*** Opening of Materials provided ***

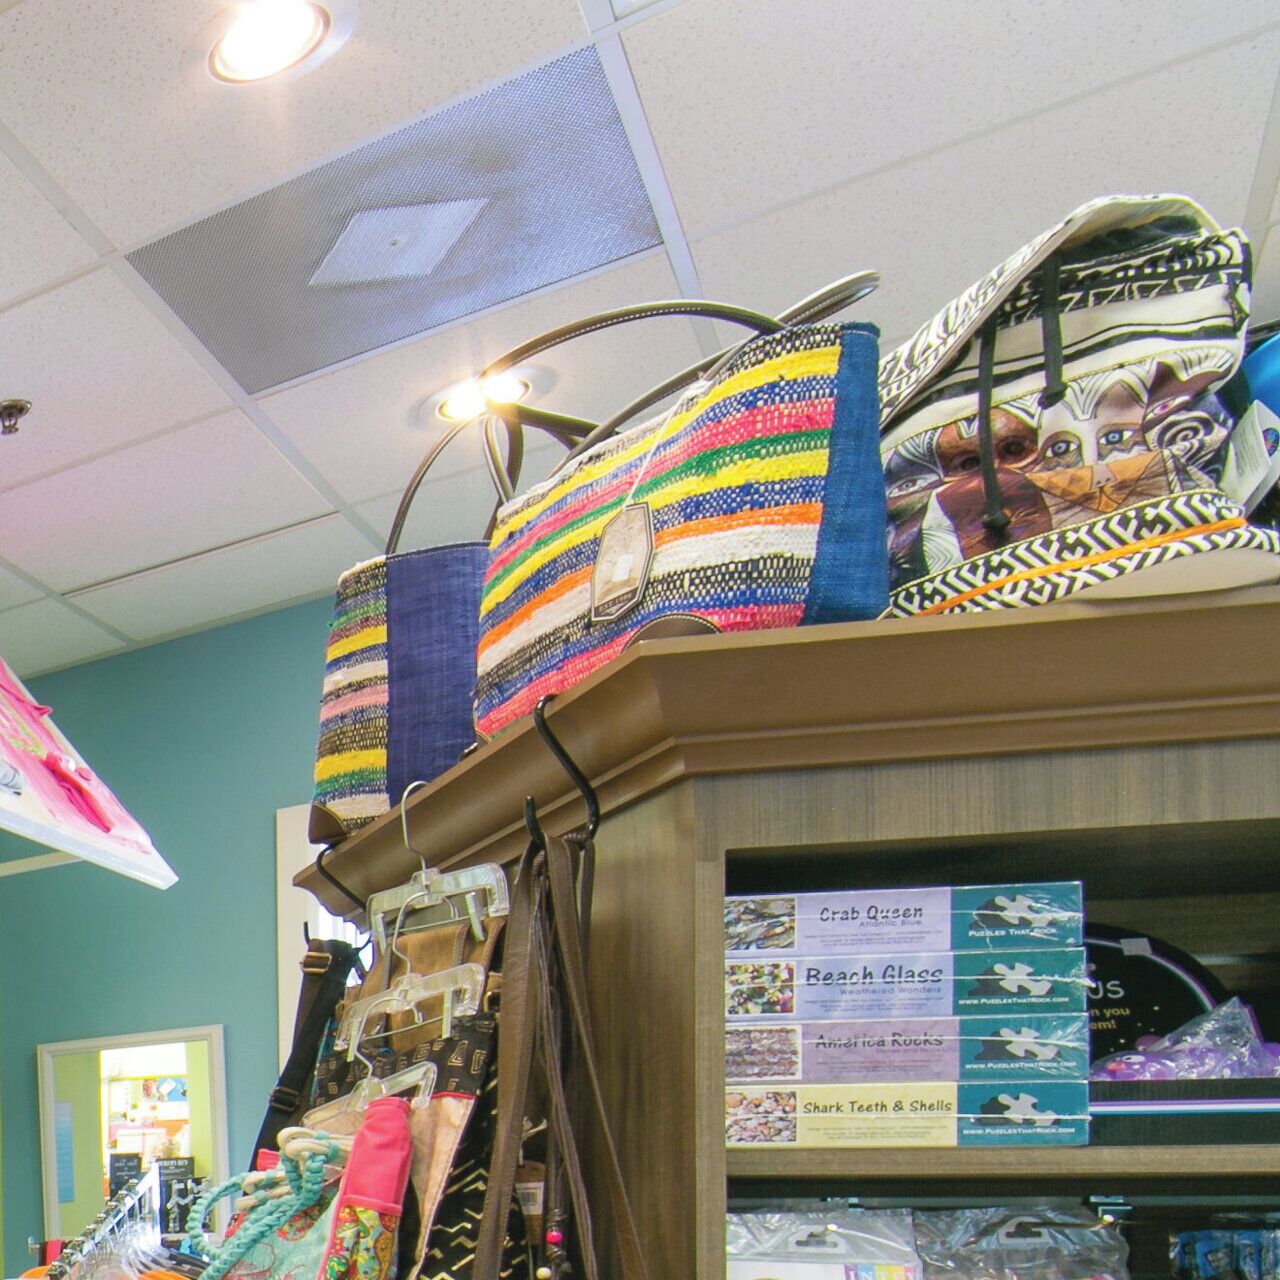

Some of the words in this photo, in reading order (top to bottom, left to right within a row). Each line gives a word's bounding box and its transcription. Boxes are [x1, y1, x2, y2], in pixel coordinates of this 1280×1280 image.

[819, 905, 860, 922] Crab
[866, 904, 924, 920] Queen
[858, 919, 898, 929] Atlantic
[900, 919, 923, 927] Blue
[805, 965, 874, 987] Beach
[880, 964, 945, 985] Glass
[838, 986, 895, 997] Weathered
[896, 985, 943, 996] Wonders
[1102, 1007, 1131, 1018] you
[891, 1031, 944, 1048] Rocks
[803, 1101, 845, 1115] Shark
[848, 1100, 888, 1113] Teeth
[892, 1099, 905, 1111] &
[909, 1099, 953, 1113] Shells
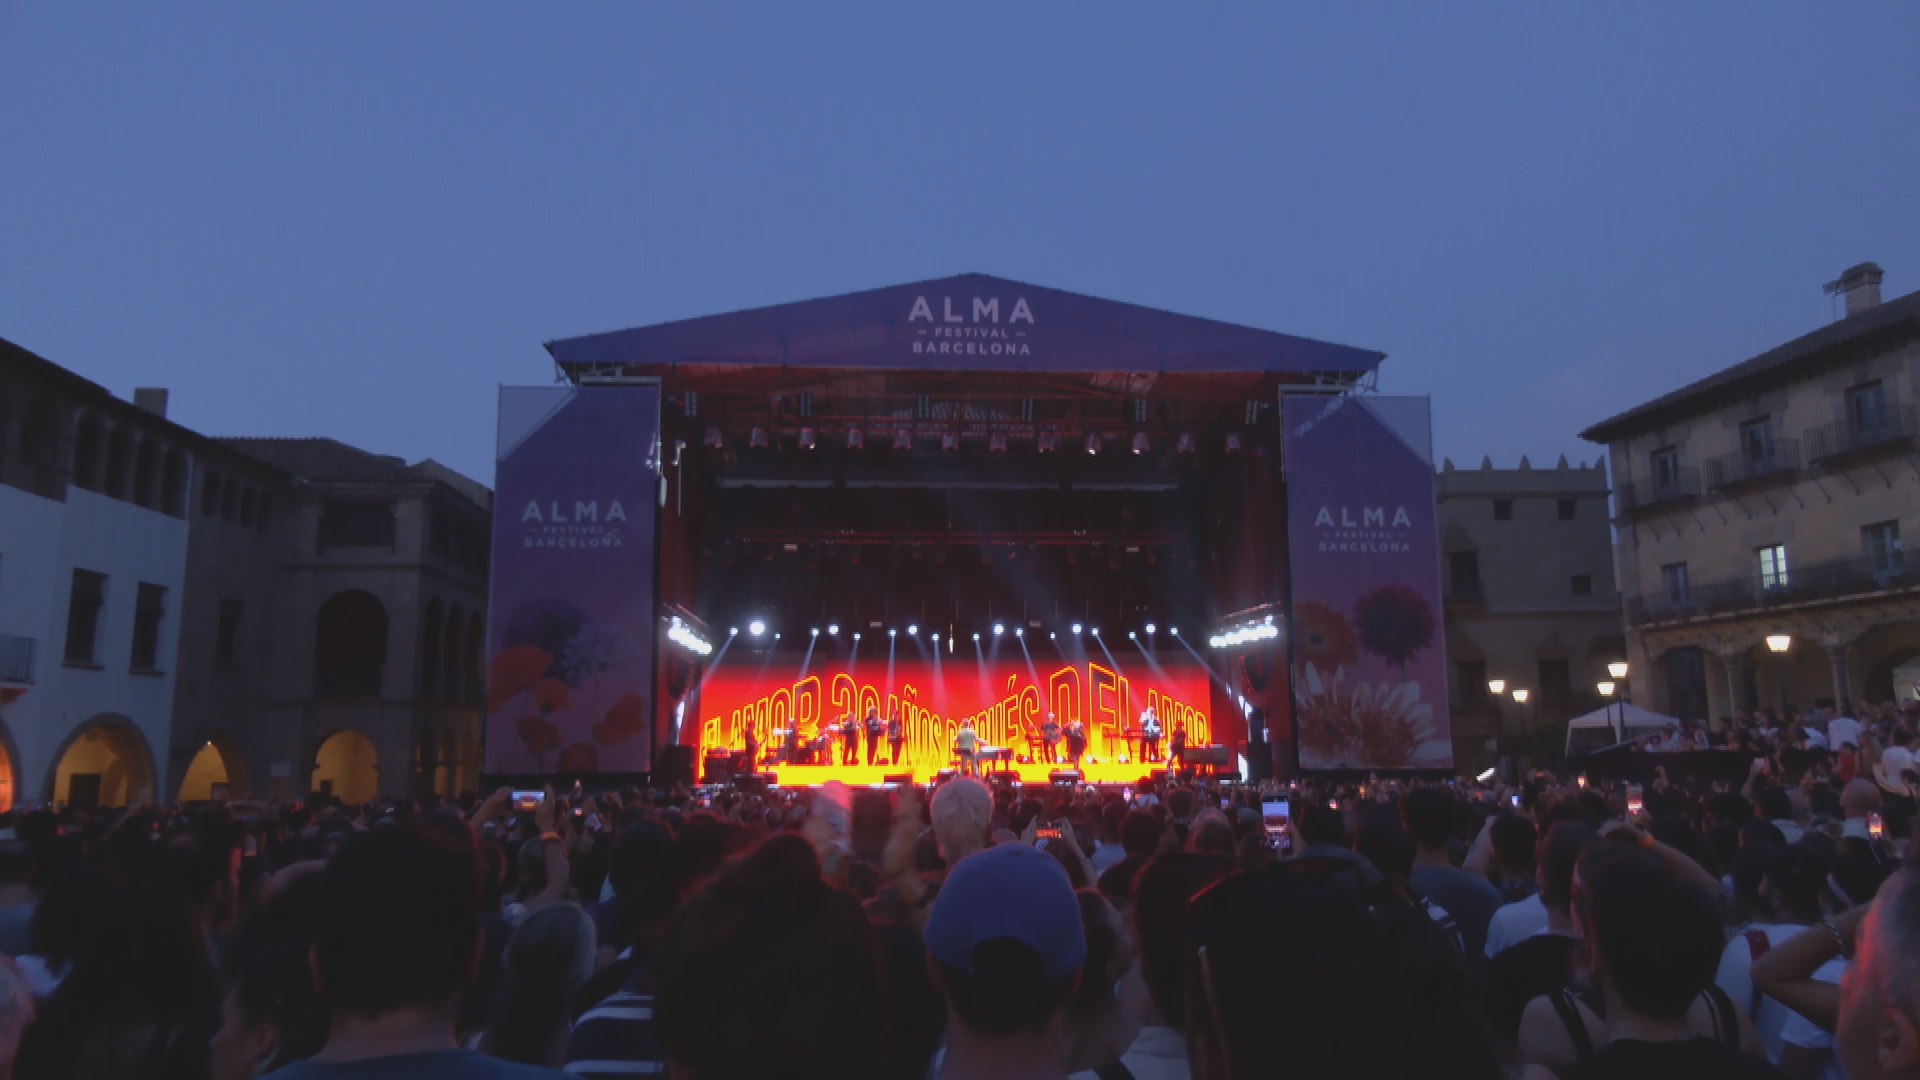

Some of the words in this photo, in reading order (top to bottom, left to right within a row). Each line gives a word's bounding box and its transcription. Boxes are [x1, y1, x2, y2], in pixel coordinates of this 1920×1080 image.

[908, 295, 1035, 324] ALMA
[935, 327, 1009, 339] FESTIVAL
[912, 341, 1031, 356] BARCELONA
[521, 499, 627, 523] ALMA
[1314, 505, 1412, 528] ALMA
[1334, 530, 1393, 539] FESTIVAL
[523, 537, 624, 549] BARCELONA
[1318, 541, 1411, 553] BARCELONA

*** Close of Materials provided ***

• **Activity**:
If an entry above holds a picture, leave that picture out and print the rest exactly.

• **Answer section**:
Some of the words in this photo, in reading order (top to bottom, left to right within a row). Each line gives a word's bounding box and its transcription. Boxes are [x1, y1, x2, y2], in pixel coordinates of this 1280×1280 image.

[819, 905, 860, 922] Crab
[866, 904, 924, 920] Queen
[858, 919, 898, 929] Atlantic
[900, 919, 923, 927] Blue
[805, 965, 874, 987] Beach
[880, 964, 945, 985] Glass
[838, 986, 895, 997] Weathered
[896, 985, 943, 996] Wonders
[1102, 1007, 1131, 1018] you
[891, 1031, 944, 1048] Rocks
[803, 1101, 845, 1115] Shark
[848, 1100, 888, 1113] Teeth
[892, 1099, 905, 1111] &
[909, 1099, 953, 1113] Shells

Some of the words in this photo, in reading order (top to bottom, left to right within a row). Each line gives a word's bounding box and its transcription. Boxes are [x1, y1, x2, y2], in pixel coordinates of this 1920×1080 image.

[908, 295, 1035, 324] ALMA
[935, 327, 1009, 339] FESTIVAL
[912, 341, 1031, 356] BARCELONA
[521, 499, 627, 523] ALMA
[1314, 505, 1412, 528] ALMA
[1334, 530, 1393, 539] FESTIVAL
[523, 537, 624, 549] BARCELONA
[1318, 541, 1411, 553] BARCELONA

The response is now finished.